Another display case contained a cracked cup Smith had given to her father and separate photos of her father and mother as young adults with the year written in the white margin at the bottom -- just as my mother dated our family photos. Again, the connection is palpable.

The Polaroid photos are black and white and grainy -- none of the fine detail we've come to expect from digital cameras. But they convey so much. I wanted to touch them -- I didn't -- even though I knew the photos themselves had no texture.

The Polaroid is part of the point, Smith says: They are pictures of a moment. They develop over a minute or two. And they fade.

A reminder of the ephemeral nature of life.

(Confession: I own a Polaroid, which I love for the same reasons.)

At one point, I noticed Smith standing in the gallery. I talked to Lenny Kaye, her guitarist, about how practicing guitar is like meditating. I told Smith that looking at her photos gave me the same experience as listening to a great talk by a Buddhist teacher; it brought me to a place of presence within myself that is presence with all beings.

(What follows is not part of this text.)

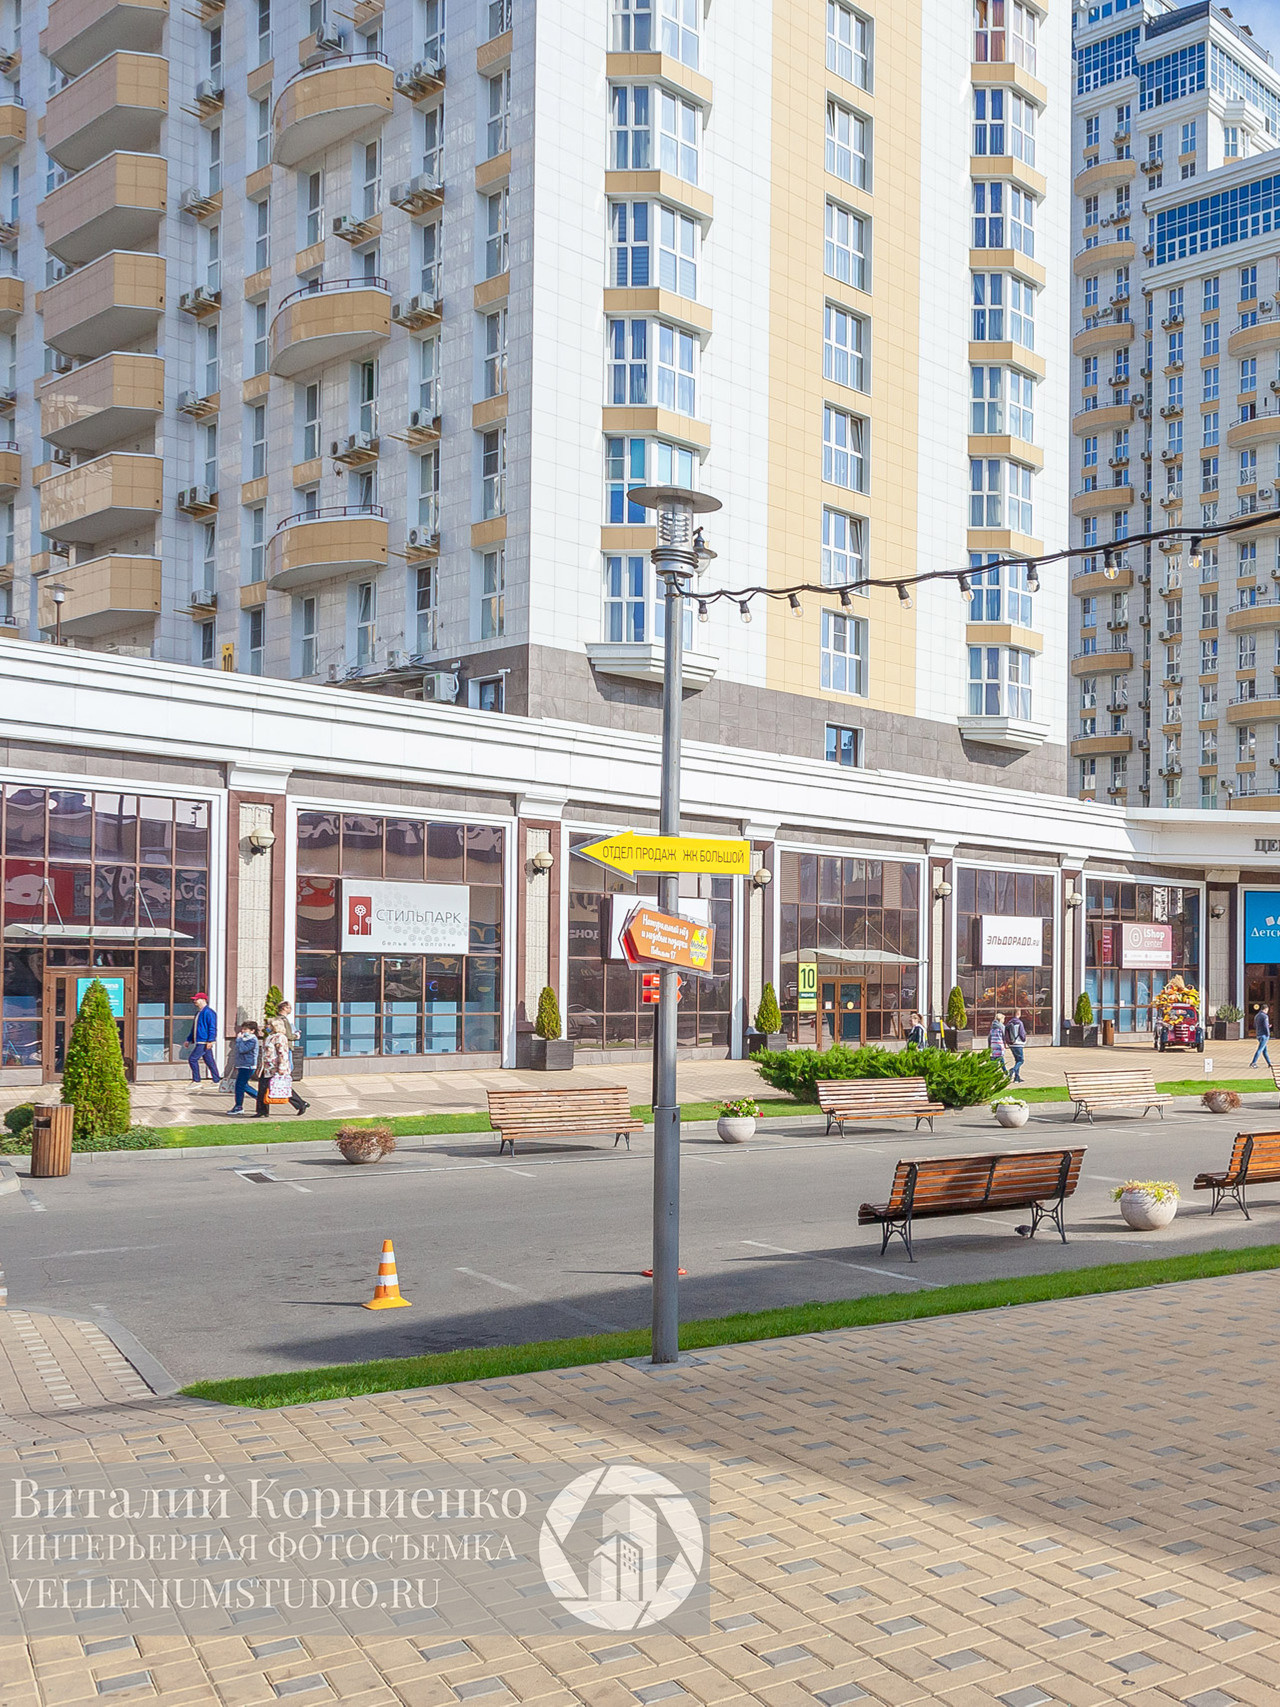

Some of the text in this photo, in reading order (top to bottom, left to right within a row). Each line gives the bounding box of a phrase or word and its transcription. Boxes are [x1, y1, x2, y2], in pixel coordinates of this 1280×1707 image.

[602, 845, 744, 864] ОТДЕЛ ПРОДАЖ ЖК БОЛЬШОЙ
[376, 909, 461, 923] СТИЛЬПАРК
[800, 968, 815, 989] 10
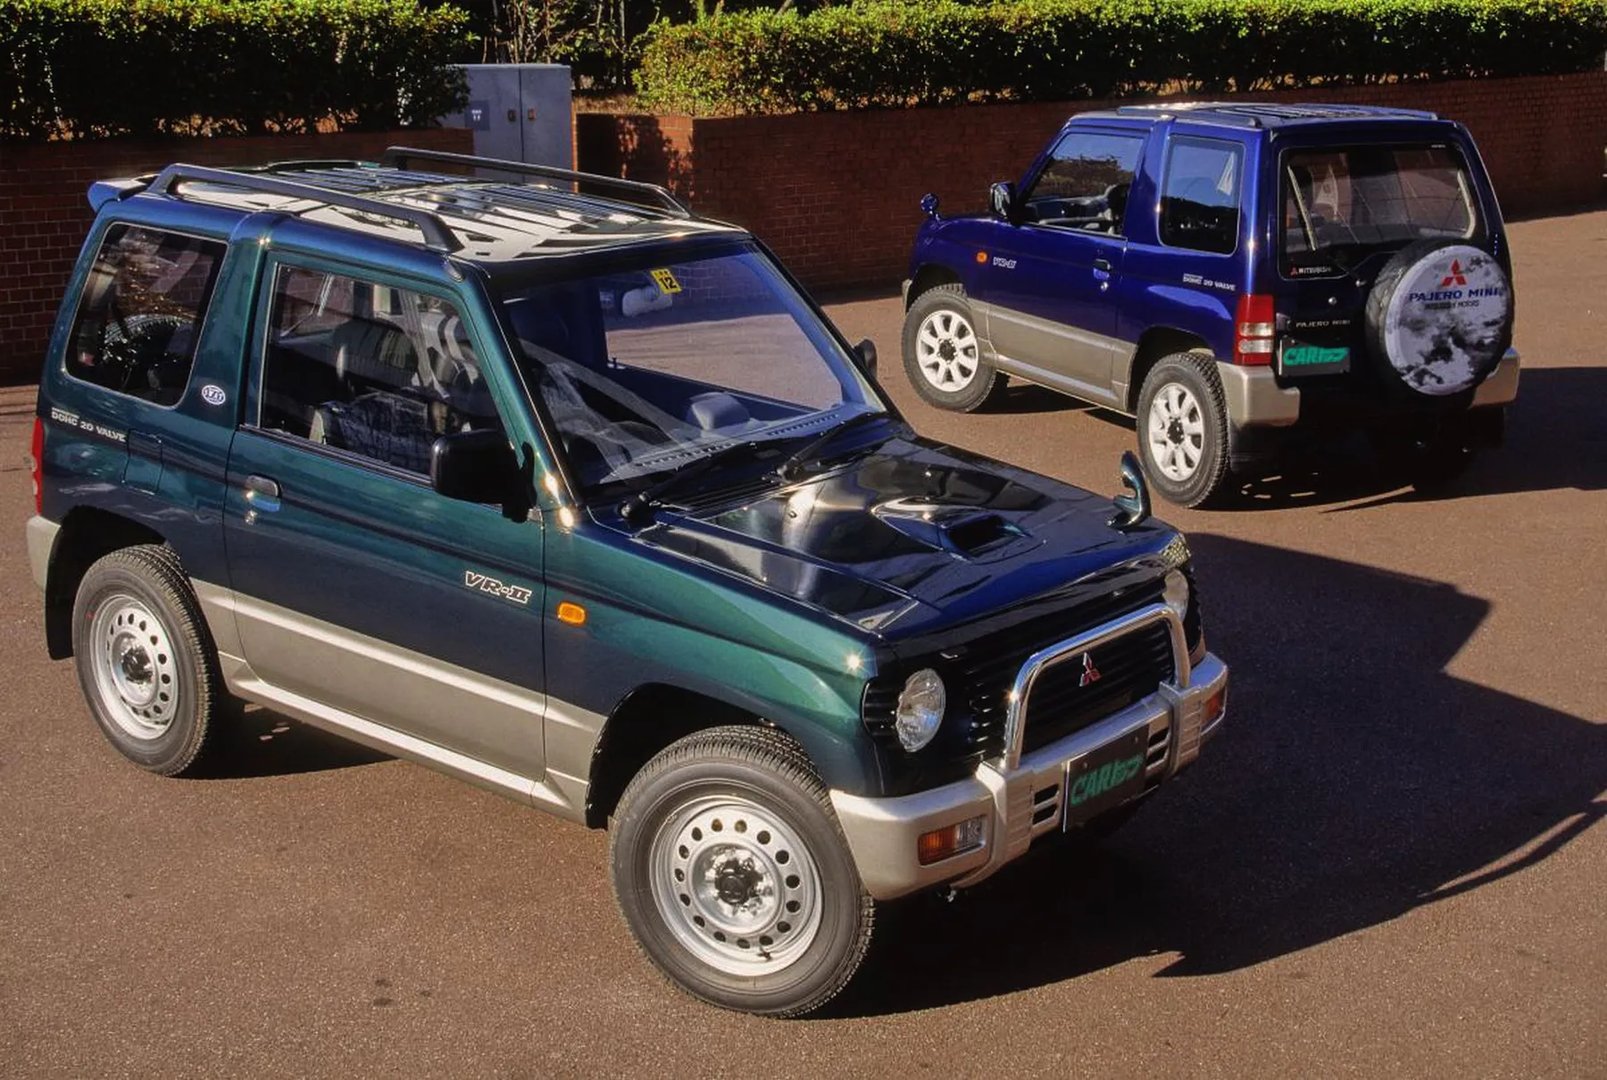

She paused for a moment. Yeah, she said, they came from a place of deep presence.

To go back to my red string, I don't feel that it has any protective powers of its own. Wearing it is not like having Wonder Woman's bracelets; I can't deflect bullets.

But it brings me to a place of presence, the deep, still liquid center of shared humanity that lies under the waves we ride through most of our days. It connects me to the lineage of wise beings of the past and present and future who are doing their best to recognize and live from that place of inherent richness -- and it reminds me that I am one of them.

Maybe that is the power of relics and rituals -- not veneration but connection.